>>>>

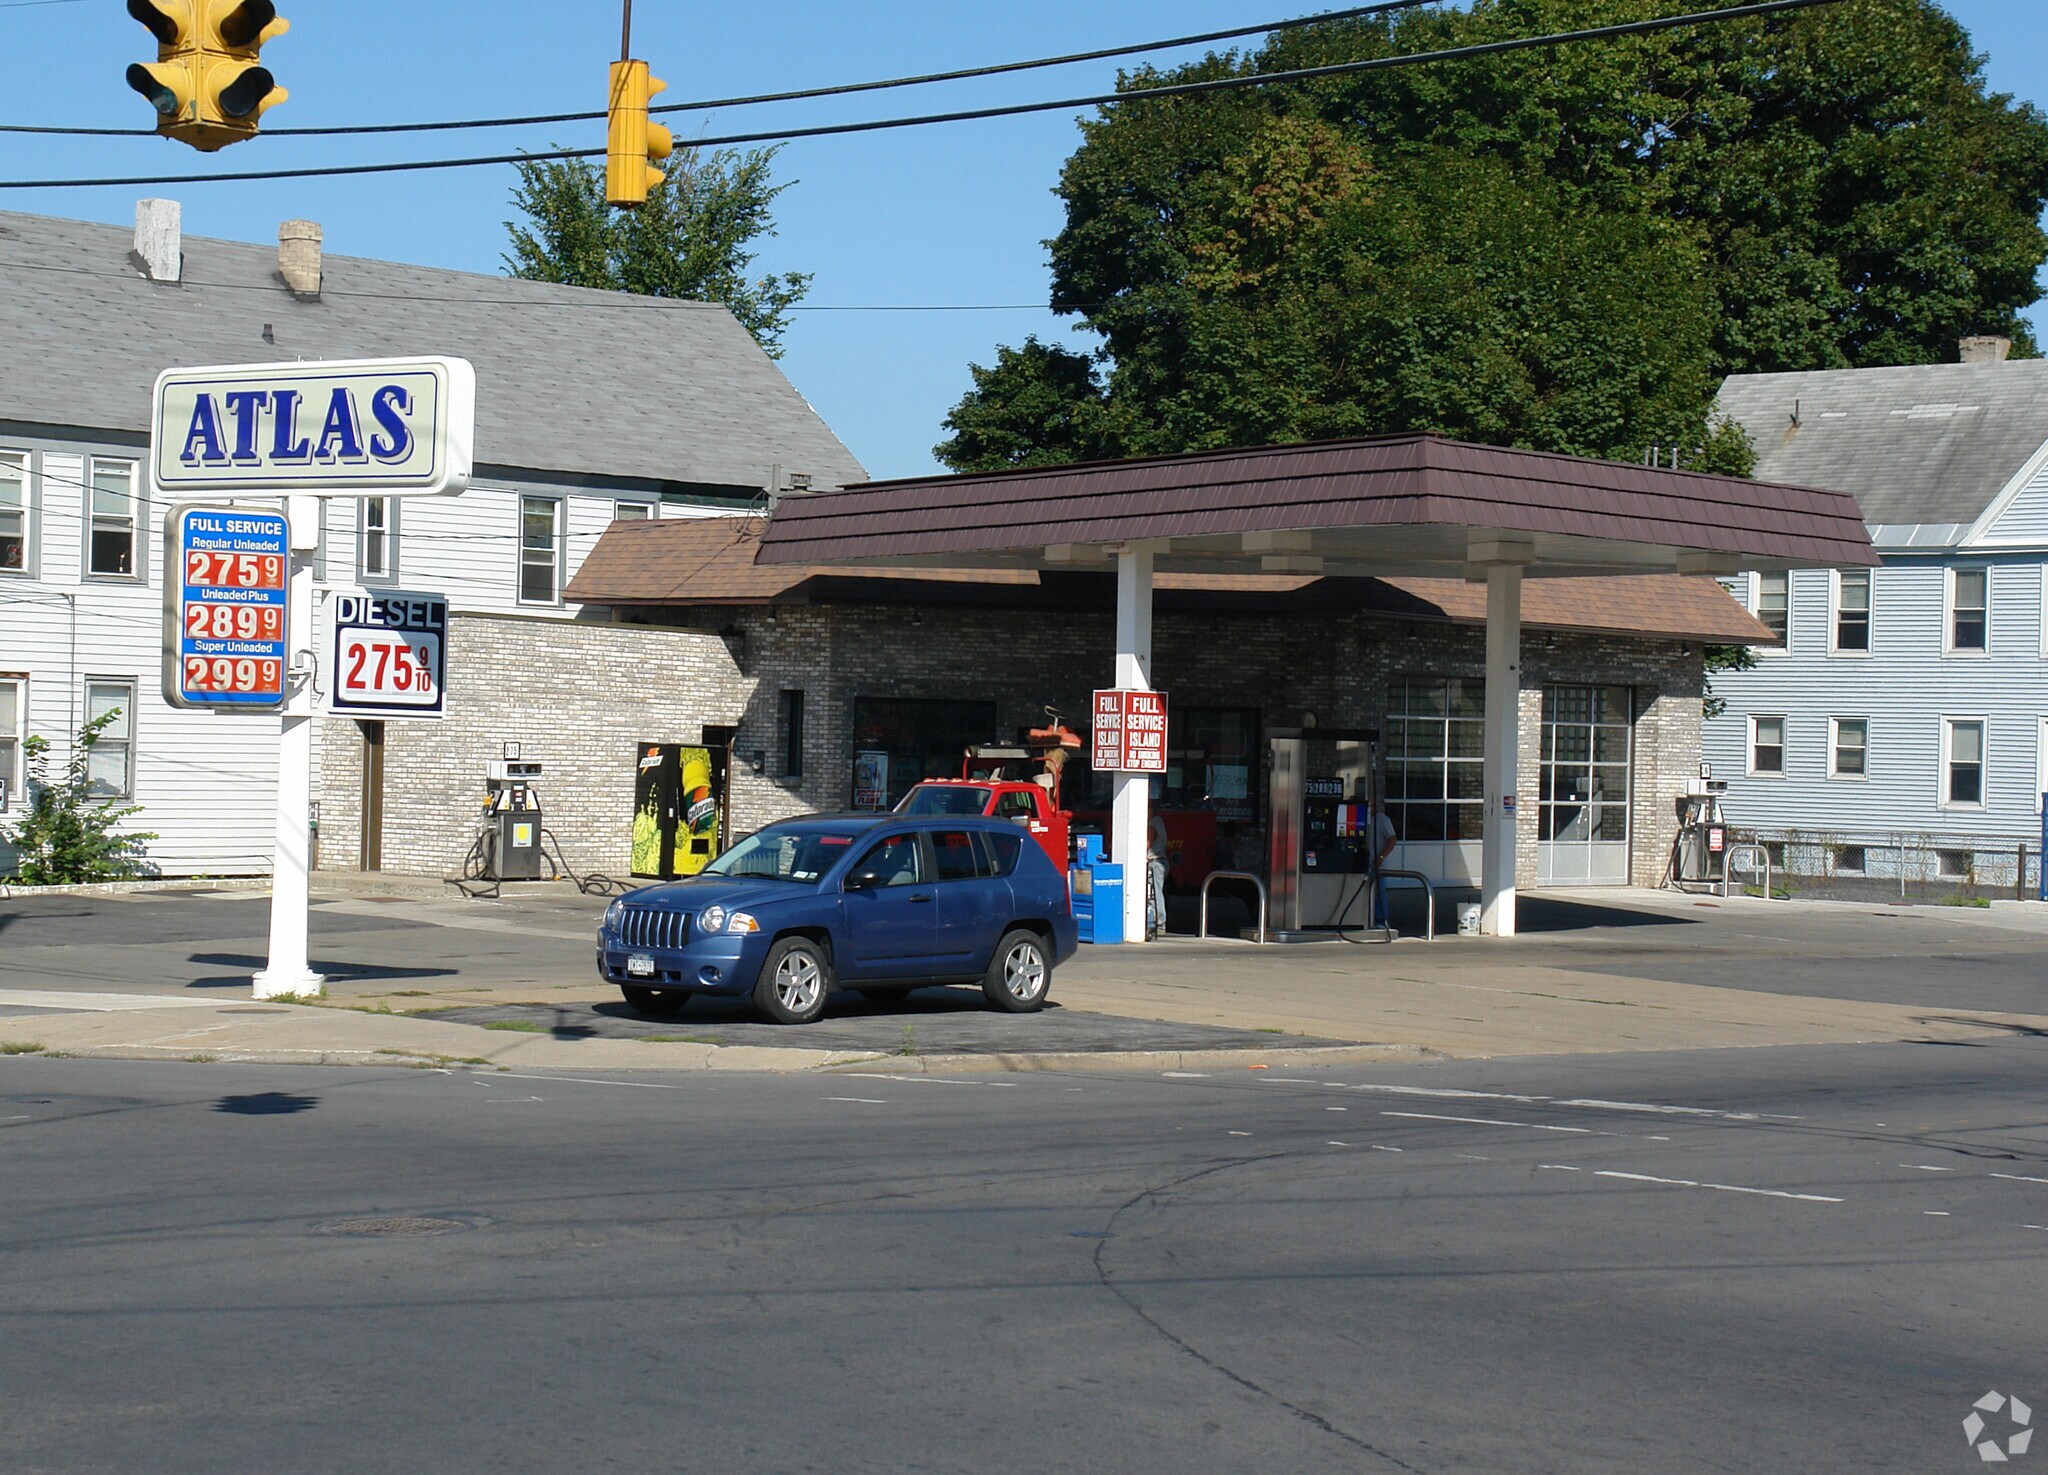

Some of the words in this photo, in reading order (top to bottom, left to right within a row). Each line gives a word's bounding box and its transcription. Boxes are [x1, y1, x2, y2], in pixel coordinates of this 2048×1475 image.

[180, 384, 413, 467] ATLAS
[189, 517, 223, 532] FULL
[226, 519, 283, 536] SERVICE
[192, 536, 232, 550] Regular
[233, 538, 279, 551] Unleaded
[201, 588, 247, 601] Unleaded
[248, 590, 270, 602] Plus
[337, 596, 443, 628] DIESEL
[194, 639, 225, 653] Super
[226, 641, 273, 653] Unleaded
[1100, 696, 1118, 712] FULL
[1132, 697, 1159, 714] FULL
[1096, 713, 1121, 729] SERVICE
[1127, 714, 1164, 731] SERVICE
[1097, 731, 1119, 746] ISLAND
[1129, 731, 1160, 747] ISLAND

<<<<

> DESCRIPTION OF THE TASK: Return the full set of lines above word for word and with no pictures.

> TASK SOLUTION:
Some of the words in this photo, in reading order (top to bottom, left to right within a row). Each line gives a word's bounding box and its transcription. Boxes are [x1, y1, x2, y2], in pixel coordinates of this 2048×1475 image.

[180, 384, 413, 467] ATLAS
[189, 517, 223, 532] FULL
[226, 519, 283, 536] SERVICE
[192, 536, 232, 550] Regular
[233, 538, 279, 551] Unleaded
[201, 588, 247, 601] Unleaded
[248, 590, 270, 602] Plus
[337, 596, 443, 628] DIESEL
[194, 639, 225, 653] Super
[226, 641, 273, 653] Unleaded
[1100, 696, 1118, 712] FULL
[1132, 697, 1159, 714] FULL
[1096, 713, 1121, 729] SERVICE
[1127, 714, 1164, 731] SERVICE
[1097, 731, 1119, 746] ISLAND
[1129, 731, 1160, 747] ISLAND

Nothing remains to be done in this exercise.